Таковы важнейшие обогащения, привнесенные «Мопассаном» в семиотическую модель. Я бы сказал, что они растягивают модель, но не разрывают ее. (Может быть, как раз в вопросе о достоверности угроза разрыва особенно велика.) Поскольку они не влекут за собой какой-либо существенной переработки модели, представленной десятью годами ранее в работе «О смысле», они также и не ставят под сомнение критику базовой семиотической модели на трех ее уровнях: глубинных, поверхностных и предметных структур.
Основной вопрос, возникающий в связи с моделью наррративной грамматики, заключается в том, не является ли так называемая поверхностная грамматика более богатой с точки зрения повествовательных возможностей, чем глубинная грамматика, и не обусловлено ли это растущее обогащение модели, происходящее на протяжении всего семиотического маршрута, нашей способностью прослеживать историю и приобретенным нами близким знакомством с повествовательной традицией.
Ответ на этот вопрос предрешен исходным определением глубинной грамматики как плана имманентности, а поверхностной грамматики — как плана манифестации.
Однако этот вопрос вновь вводит, но с опорой на значительно более утонченную модель, проблему, занимающую нас с начала этой главы: проблему отношений между рациональностью нарратологии и нарративным пониманием, вырабатываемым в практике построения интриги. Вот почему наше обсуждение теперь должно быть особенно детальным.
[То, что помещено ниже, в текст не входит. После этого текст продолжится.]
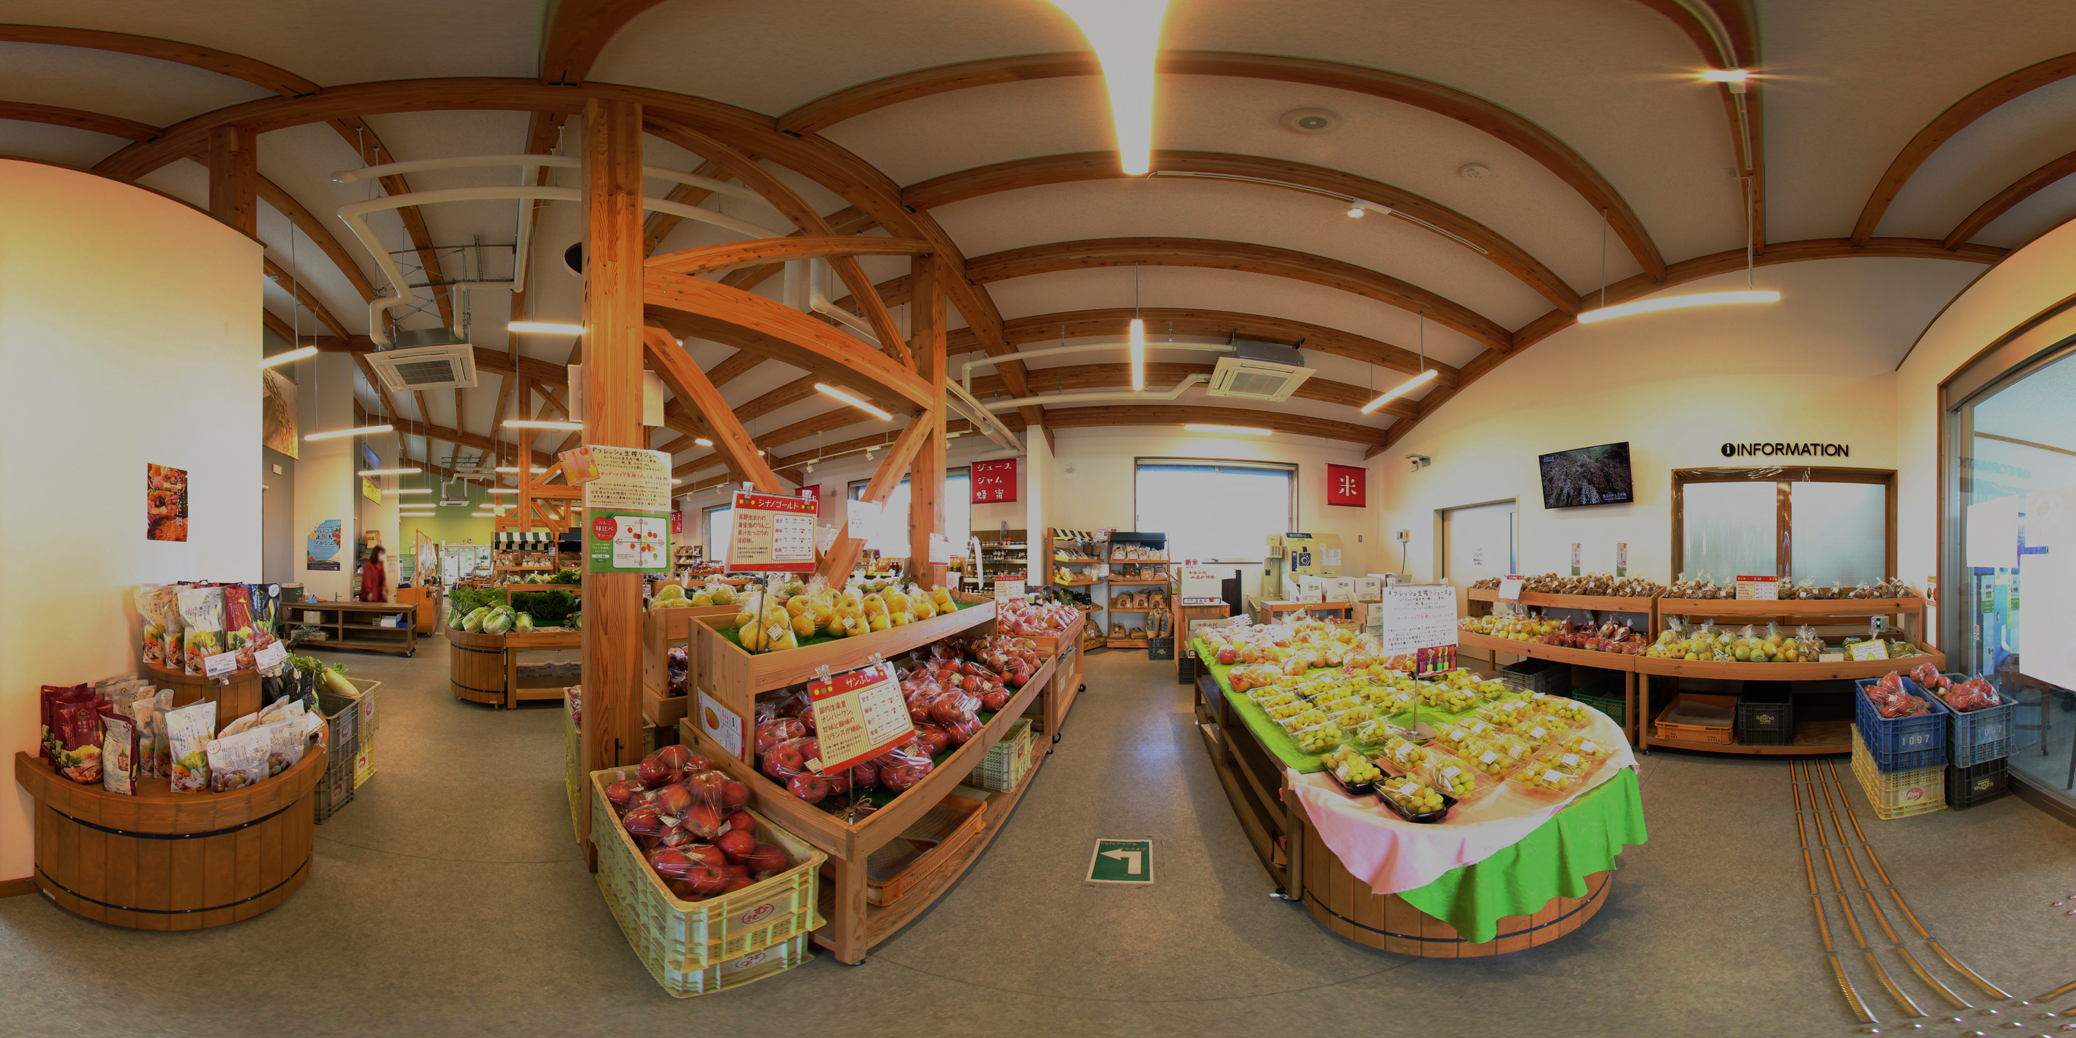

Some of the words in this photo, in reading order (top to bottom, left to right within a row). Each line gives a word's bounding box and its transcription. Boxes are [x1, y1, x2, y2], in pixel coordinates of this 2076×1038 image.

Мое начальное сомнение, которое будет подвергнуто испытанию последующей аргументацией, состоит в том, что с самой первой стадии, — стадии конструирования семиотического квадрата — анализ телеологически направляется предвосхищением конечной стадии, стадии повествования как процесса, создающего ценности («Du Sens», р. 178), в чем я вижу в плане семиотической рациональности — эквивалент того, что в нашей повествовательной культуре понимается как интрига. Следует уяснить: это сомнение никоим образом не обесценивает все предприятие Греймаса. Оно ставит под вопрос предполагаемую автономию семиотических подходов, подобно тому как обсуждение номологических моделей в истории поставило под вопрос автономию историографической
63
рациональности по отношению к повествовательной компетентности. Первая часть обсуждения пройдет в плане глубинной грамматики.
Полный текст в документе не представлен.